FILE PHOTO: A screen show former University of Cincinnati police officer Ray Tensing listening as the judge declares a mistrial after jury deadlocks ending the retrial in death of Samuel DuBose in Cincinnati, Ohio, U.S. June 23, 2017. REUTERS/William PhilpottMore
By Chris Kenning
(Reuters) - An Ohio university said on Tuesday it would not reverse its decision to rehire a white former police officer who was fired after fatally shooting an unarmed black motorist, despite two hung juries and prosecutors' decision not to retry him again for murder.
Ray Tensing, 27, is pursuing a grievance that asks for reinstatement with University of Cincinnati police and back pay, the Cincinnati Enquirer reported. The paper did not identify the source of the news.
"We have no intention of reversing our decision," said University of Cincinnati spokesman Greg Vehr, who confirmed a grievance had been filed but was not familiar with the exact demands of the request.

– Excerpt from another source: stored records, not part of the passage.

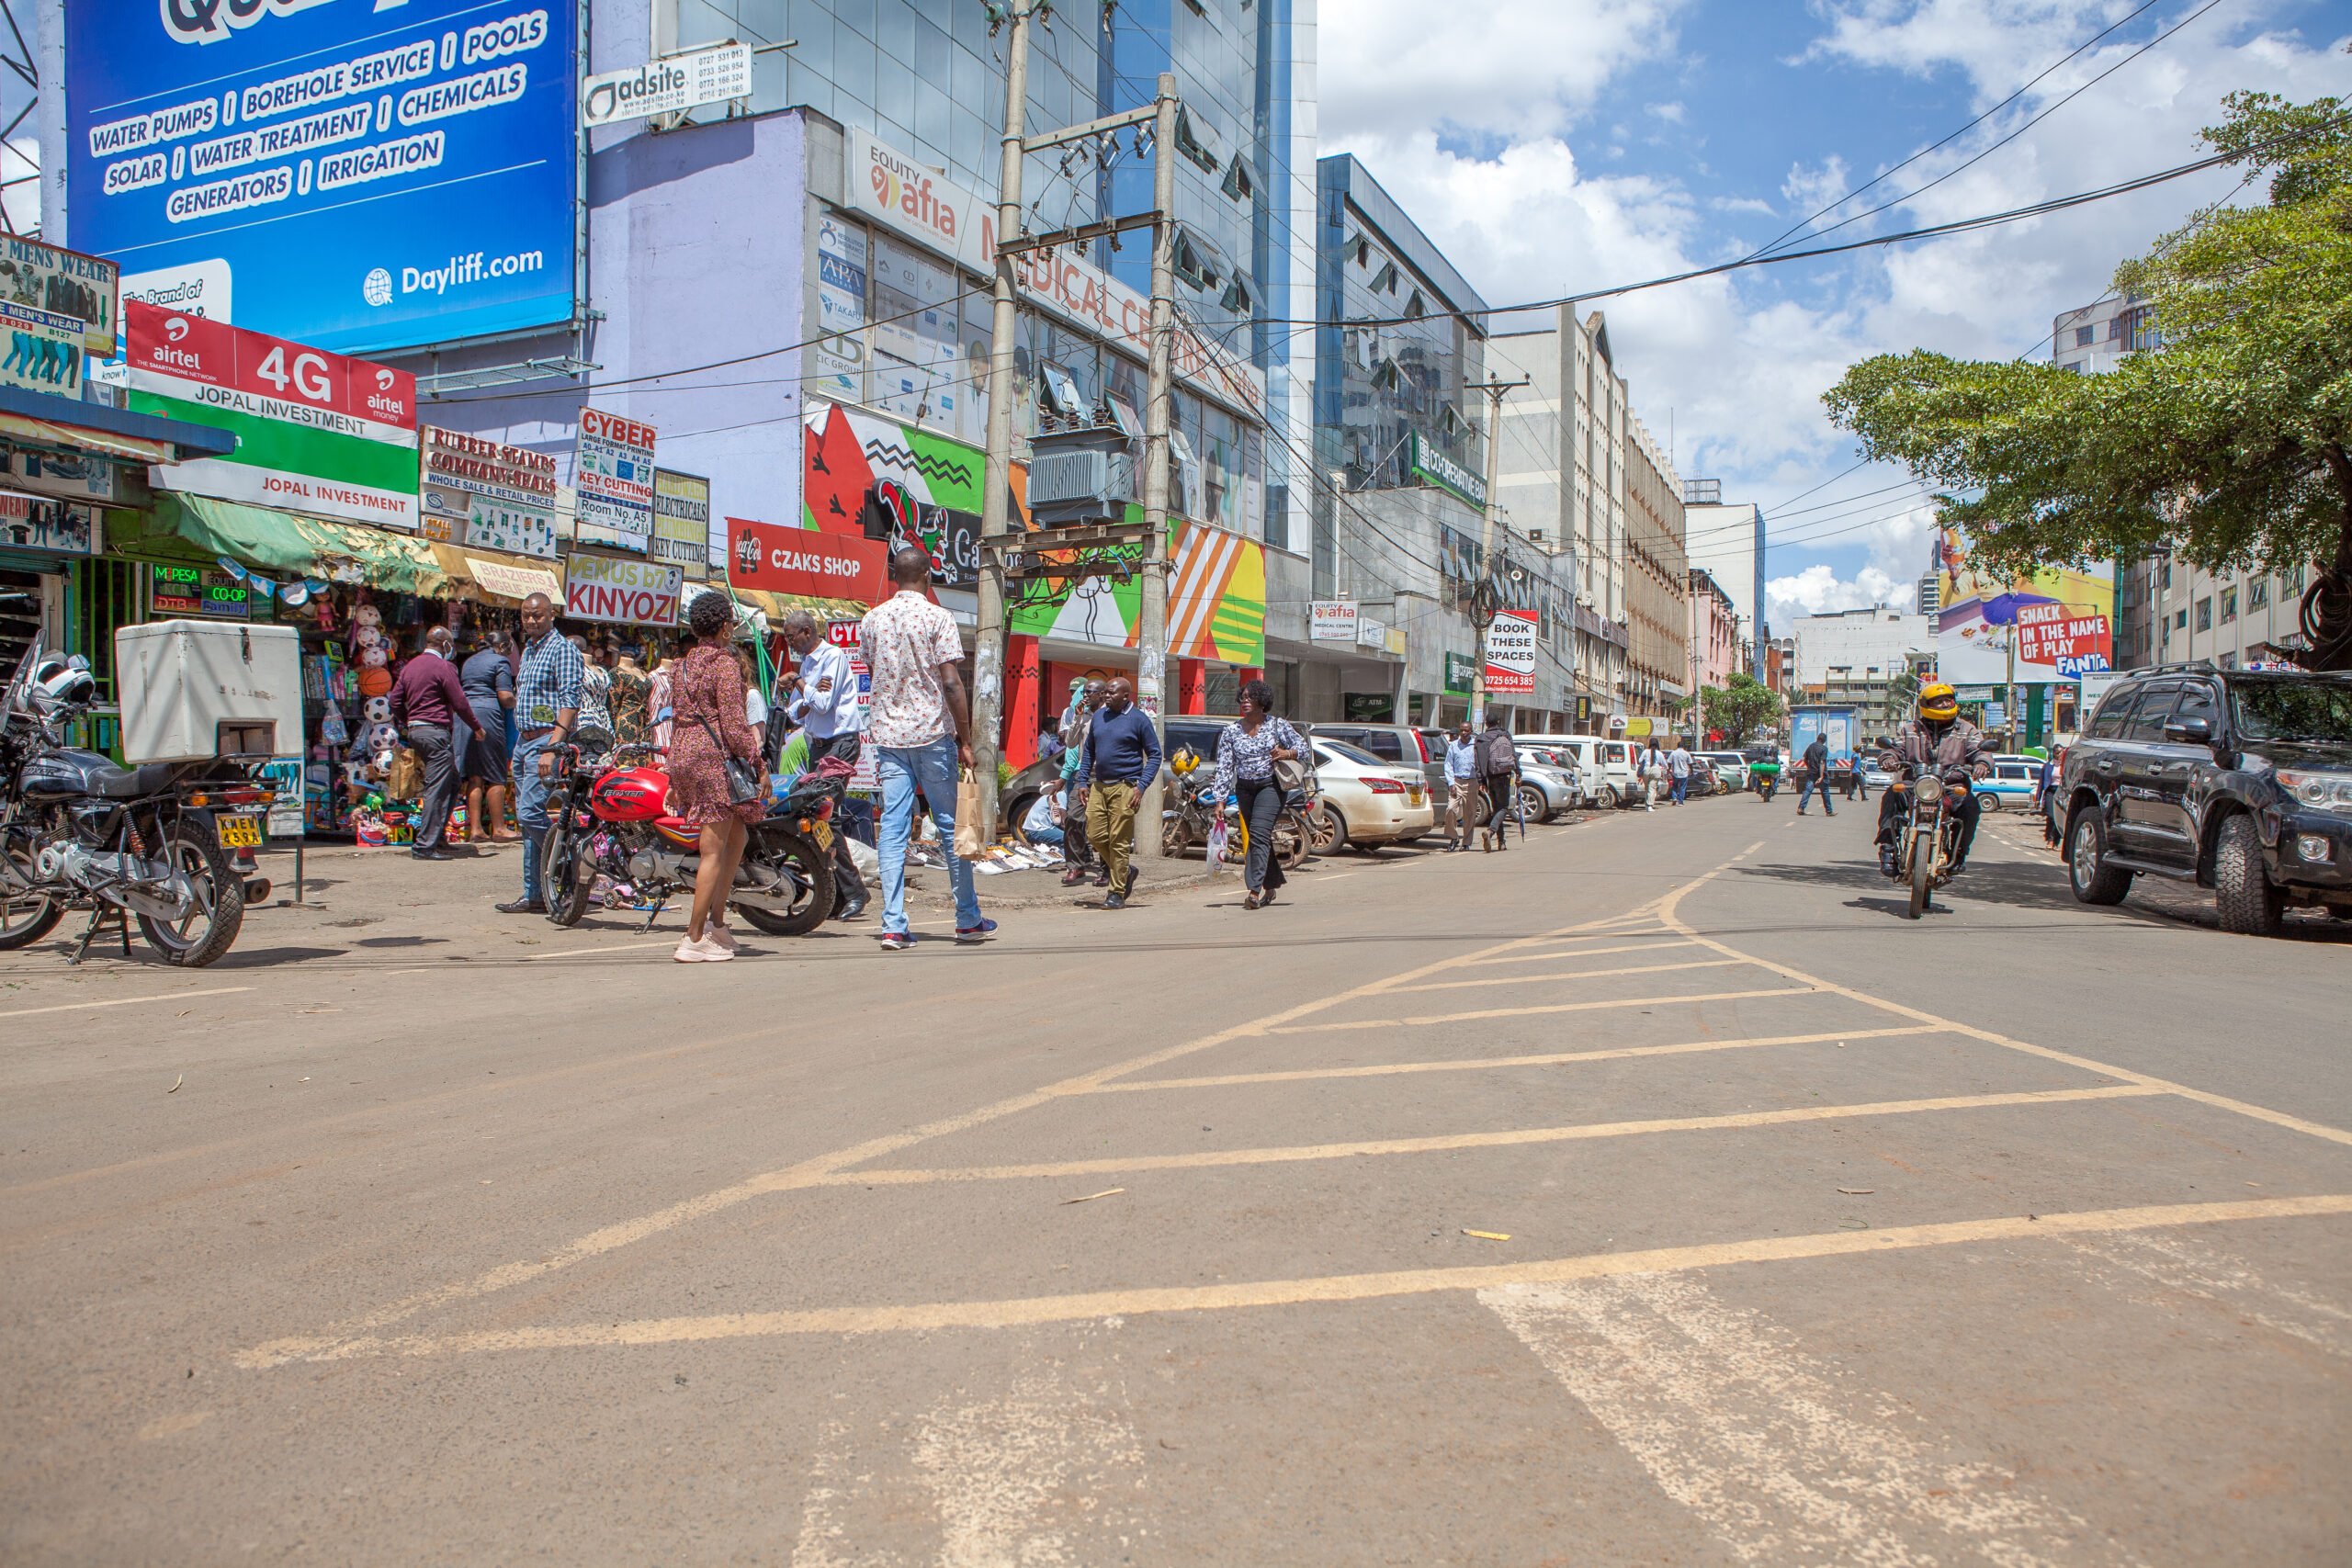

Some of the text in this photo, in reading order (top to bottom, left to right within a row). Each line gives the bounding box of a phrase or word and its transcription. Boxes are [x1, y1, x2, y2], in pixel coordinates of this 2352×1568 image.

[698, 49, 743, 65] 0727 531 013
[698, 61, 743, 77] 0733 526 954
[93, 17, 541, 152] WATER PUMPS BOREHOLE SERVICE POOLS
[618, 63, 685, 101] adsite
[698, 73, 743, 88] 0772 166 324
[108, 70, 521, 188] SOLAR WATER TREATMENT CHEMICALS
[171, 137, 440, 216] GENERATORS IRRIGATION
[870, 145, 921, 186] EQUITY
[901, 178, 956, 239] afia
[9, 240, 54, 269] MENS
[60, 253, 109, 284] WEAR
[401, 250, 543, 295] Dayliff.com
[147, 282, 186, 305] Brand
[187, 278, 204, 299] of
[9, 305, 45, 322] MEN'S
[48, 315, 81, 332] WEAR
[834, 302, 864, 321] TAKAFUL
[49, 328, 71, 340] B127
[102, 368, 121, 380] know
[149, 362, 188, 376] SMARTPHONE
[189, 371, 218, 382] NETWORK
[816, 354, 863, 376] CIC GROUP
[153, 344, 404, 415] airtel 4G airtel
[195, 386, 367, 434] JOPAL INVESTMENT
[373, 410, 400, 423] money
[582, 411, 656, 450] CYBER
[435, 428, 557, 473] RUBBER STAMPS
[581, 434, 655, 458] LARGE FORMAT PRINTING
[582, 442, 592, 450] A0
[594, 446, 603, 454] A1
[618, 451, 627, 459] A3
[631, 455, 640, 463] A4
[643, 457, 651, 466] A5
[431, 451, 557, 493] COMPANY SEALS
[579, 470, 653, 498] KEY CUTTING
[1430, 449, 1475, 496] CO-OPERATIVE
[262, 478, 406, 513] JOPAL INVESTMENT
[428, 473, 555, 507] WHOLE SALE & RETAIL PRICES
[582, 484, 648, 504] CAR KEY PROGRAMMING
[0, 495, 28, 517] WEAR
[582, 500, 647, 524] Room No. A5
[656, 494, 707, 523] ELECTRICALS
[655, 515, 706, 545] PLUMBINGS
[654, 537, 705, 563] KEY CUTTING
[771, 548, 861, 577] CZAKS SHOP
[480, 563, 546, 586] BRAZIERS
[568, 556, 638, 586] VENUS
[644, 565, 665, 590] b7
[158, 596, 247, 614] DTB Family
[164, 583, 246, 602] KCB CO-OP
[568, 582, 676, 624] KINYOZI
[1328, 604, 1355, 617] afia
[2019, 604, 2061, 626] SNACK
[1494, 624, 1530, 633] BOOK
[2021, 618, 2105, 644] IN THE NAME
[1491, 637, 1532, 647] THESE
[2023, 638, 2075, 660] OF PLAY
[1487, 651, 1534, 660] SPACES
[2056, 653, 2109, 674] FANTA
[1485, 675, 1533, 686] 0725 654 385
[604, 789, 646, 797] BOXER

The grievance, initially filed after Tensing was fired in July 2015 following the fatal shooting of 43-year-old Sam DuBose during a traffic stop, had been put on hold pending trial, Tensing's attorney, Stew Mathews, said Tuesday. Mathews is not representing Tensing in the grievance.
It is now being pursued again after charges were dismissed last month and will be overseen by an arbitrator, Vehr said. Mathews believes the department violated Tensing's contract by not providing due process rights such as a disciplinary hearing.
Tensing's union, the Fraternal Order of Police Ohio Labor Council, could not be reached for comment.
Tensing shot and killed DuBose after stopping him for a missing front license plate on his car, a body camera worn by Tensing showed. Tensing testified during both trials that he feared for his life as the reason why he fired his weapon. [L4N1DB6RC]
The trials last November and in June both ended with hung juries over the charges of murder and voluntary manslaughter.
Ohio prosecutors said last month they would not pursue a third trial, but the U.S. Attorney's Office for the Southern District of Ohio is considering whether it will file civil rights charges against Tensing.